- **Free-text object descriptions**
|---|
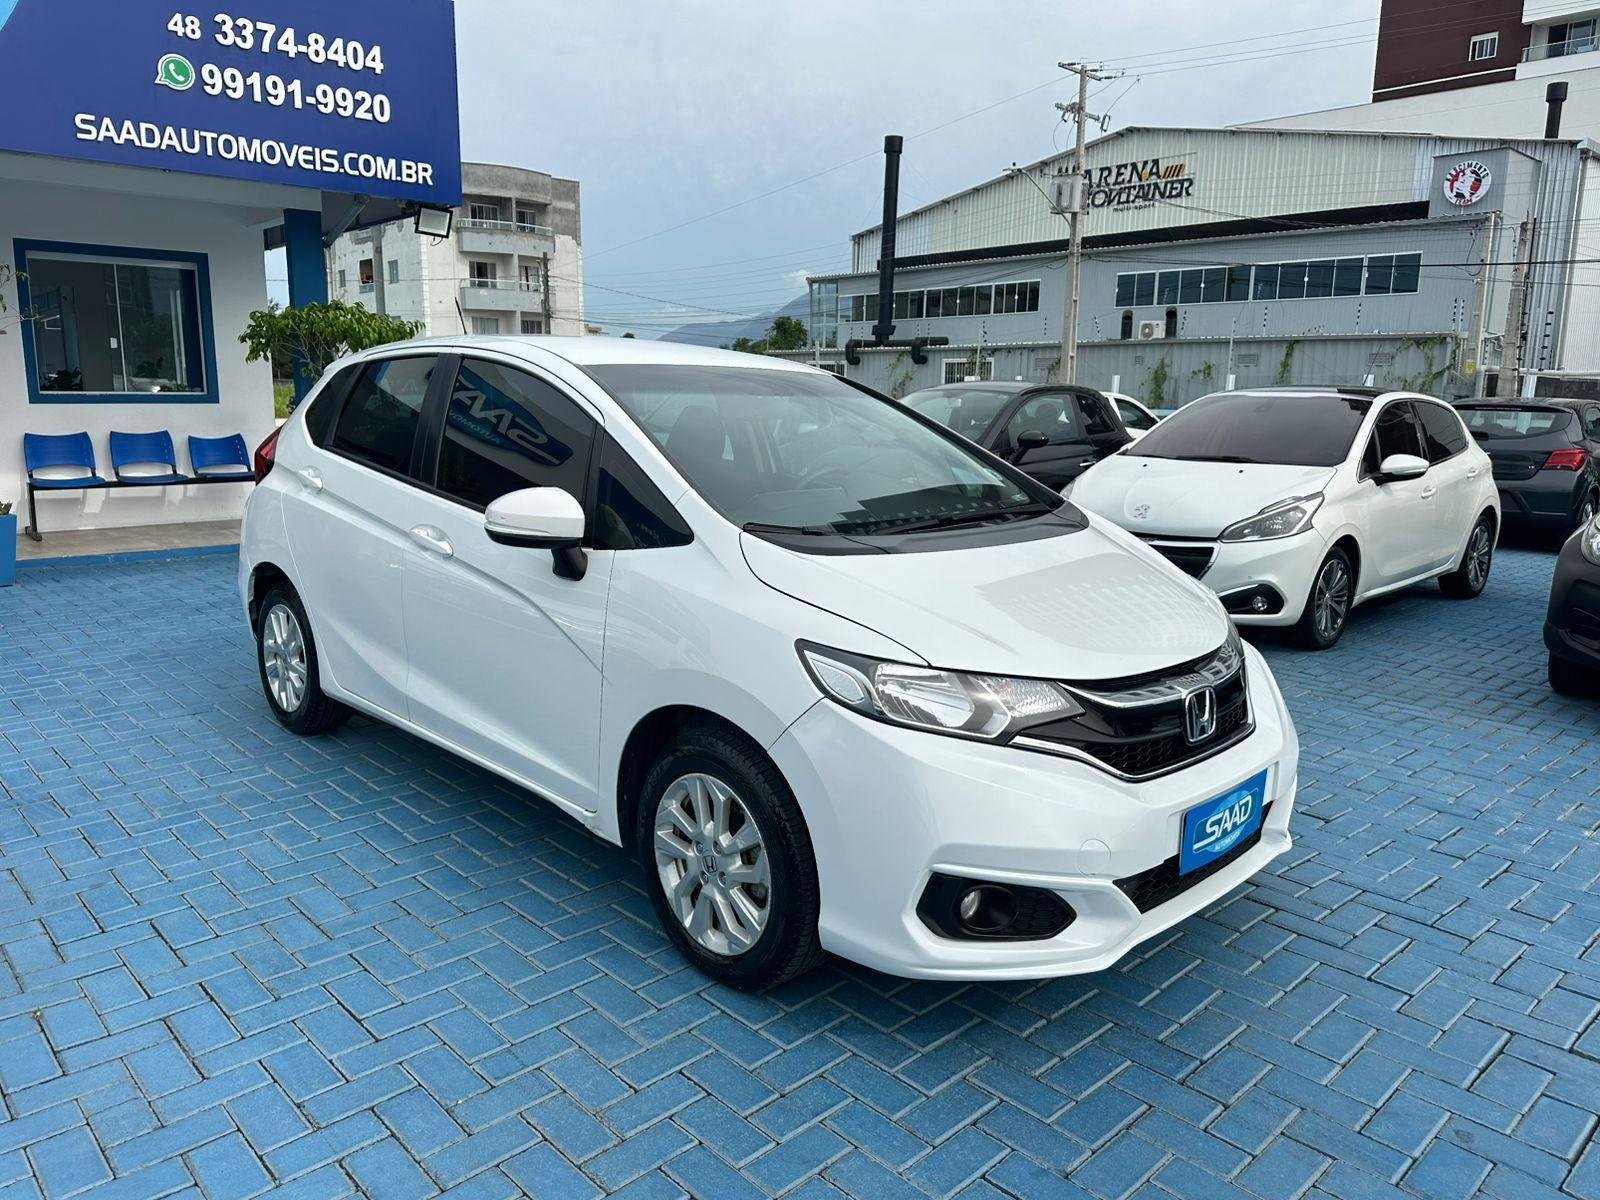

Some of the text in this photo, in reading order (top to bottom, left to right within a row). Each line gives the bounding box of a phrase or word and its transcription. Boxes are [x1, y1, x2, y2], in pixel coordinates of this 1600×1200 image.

[167, 13, 385, 76] 48 3374-8404
[201, 63, 391, 124] 99191-9920
[74, 113, 434, 187] SAADAUTOMOVEIS.COM.BR
[1083, 159, 1162, 189] ARENA
[1087, 177, 1194, 209] ONTAINER
[1193, 795, 1252, 853] SAAD
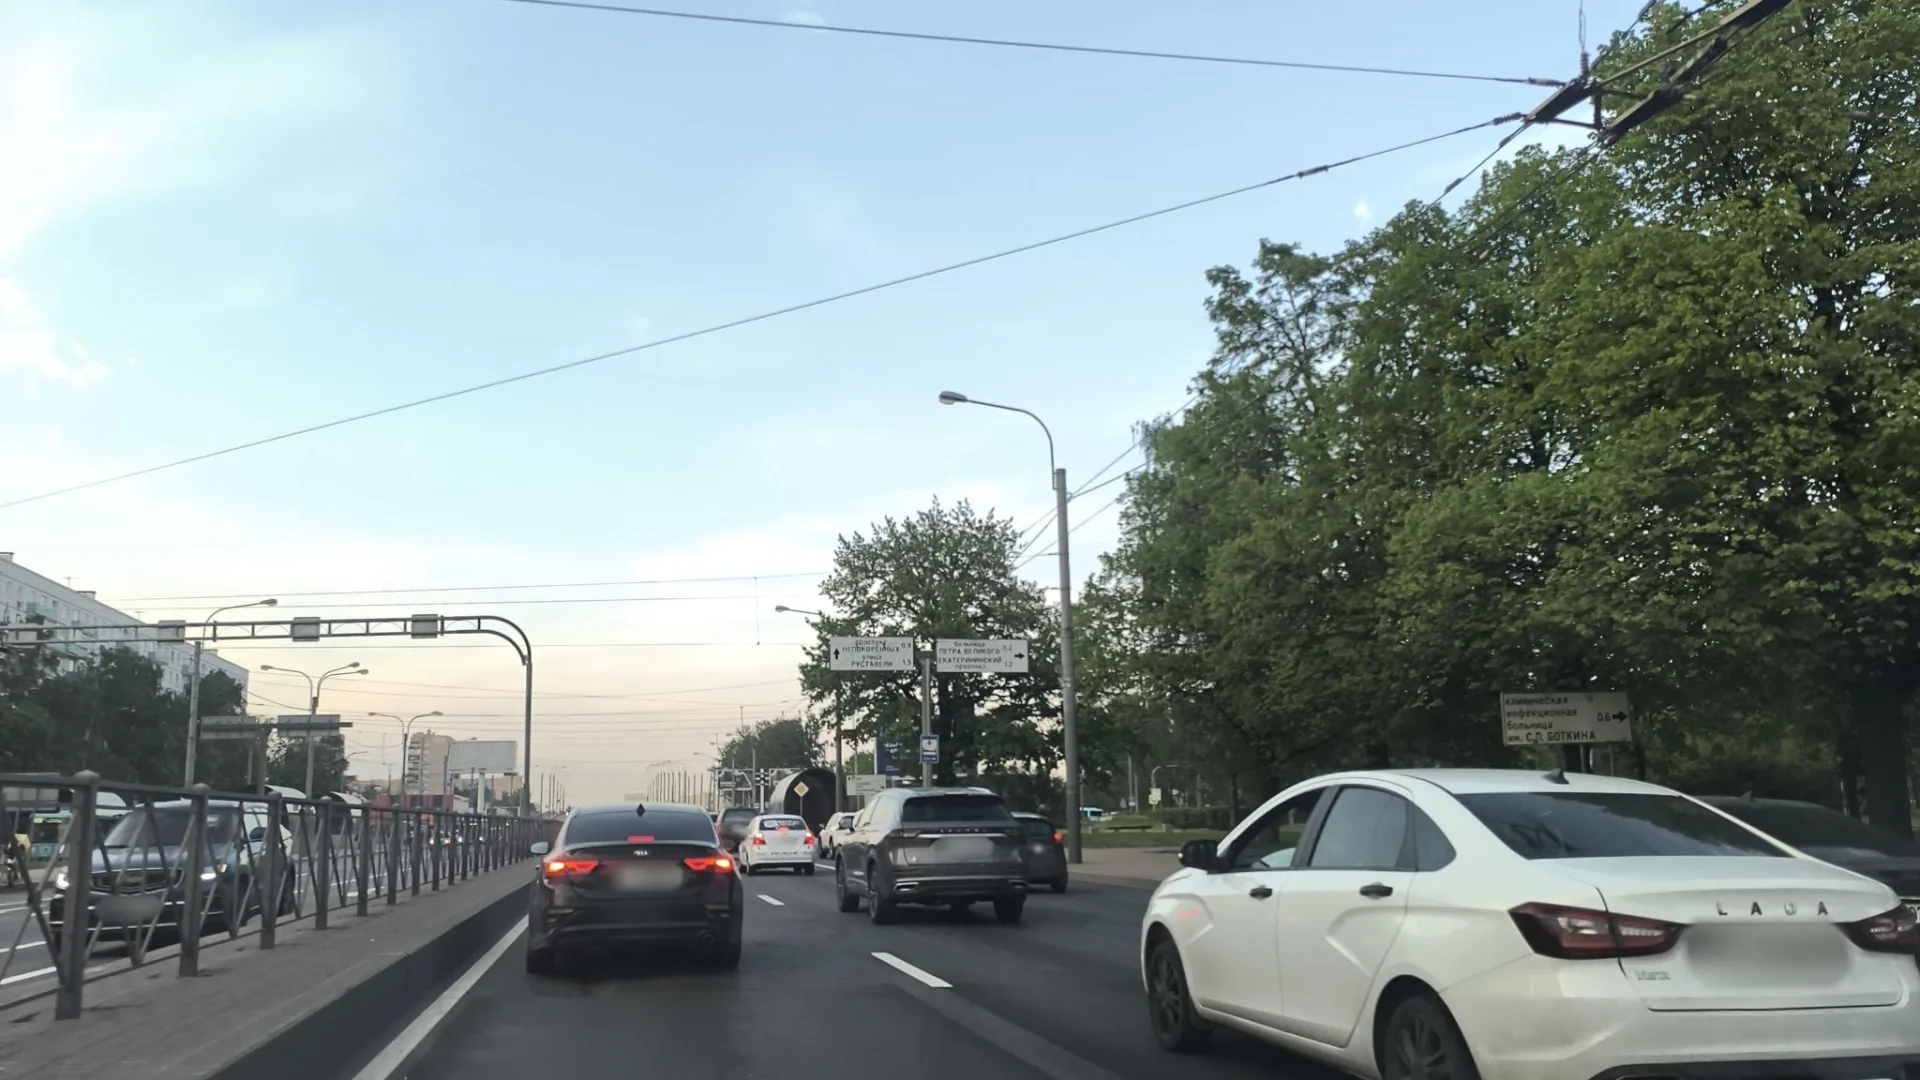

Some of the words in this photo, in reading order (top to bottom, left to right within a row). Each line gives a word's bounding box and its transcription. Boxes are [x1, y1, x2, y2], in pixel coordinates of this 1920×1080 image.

[1506, 708, 1577, 720] инфекционная
[1597, 712, 1611, 722] 0.6
[1508, 735, 1523, 743] им.
[1548, 731, 1596, 742] БОТКИНА
[1717, 901, 1829, 916] LADA
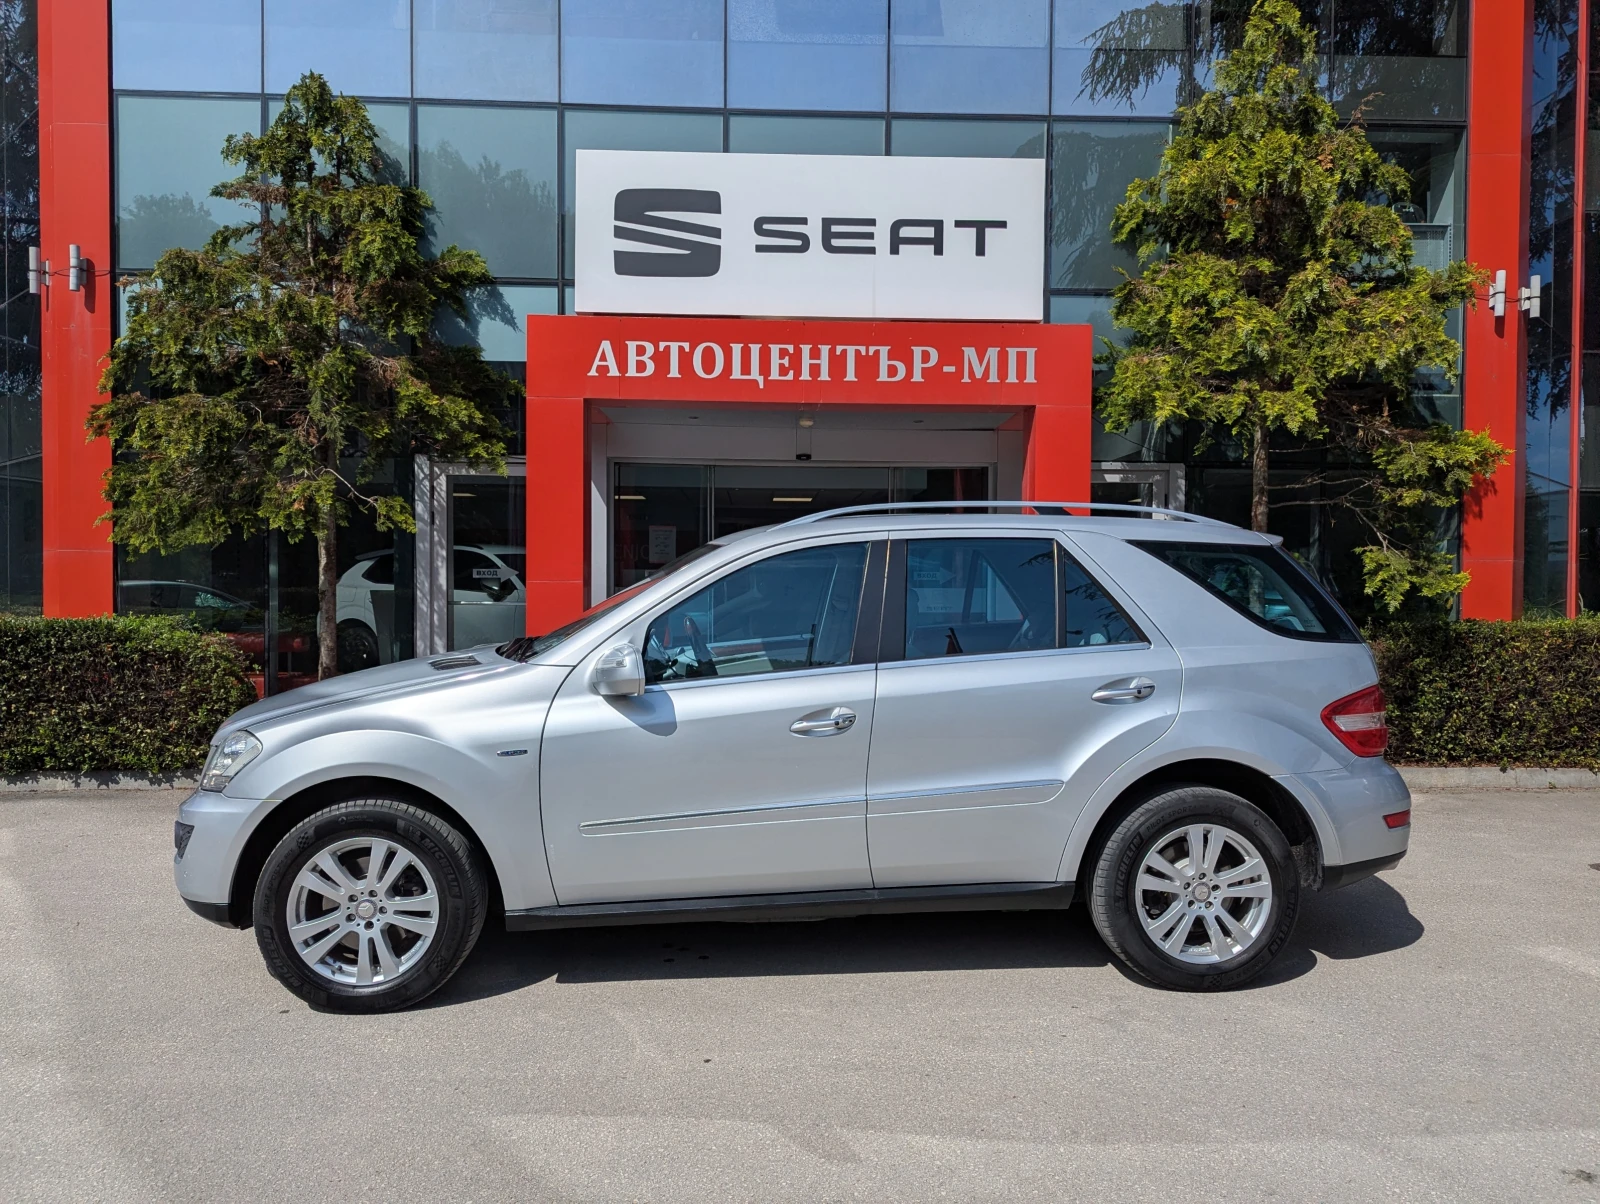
|---|
- **WHAT THE EXERCISE ASKS**
Write out, exactly as they stand, the line with "Some of the words" and every line after it through the end of the entries above; omit the pictures.

- **ANSWER SECTION**
Some of the words in this photo, in reading order (top to bottom, left to right within a row). Each line gives a word's bounding box and its transcription. Boxes are [x1, y1, x2, y2], in pixel coordinates of this 1920×1080 image.

[1506, 708, 1577, 720] инфекционная
[1597, 712, 1611, 722] 0.6
[1508, 735, 1523, 743] им.
[1548, 731, 1596, 742] БОТКИНА
[1717, 901, 1829, 916] LADA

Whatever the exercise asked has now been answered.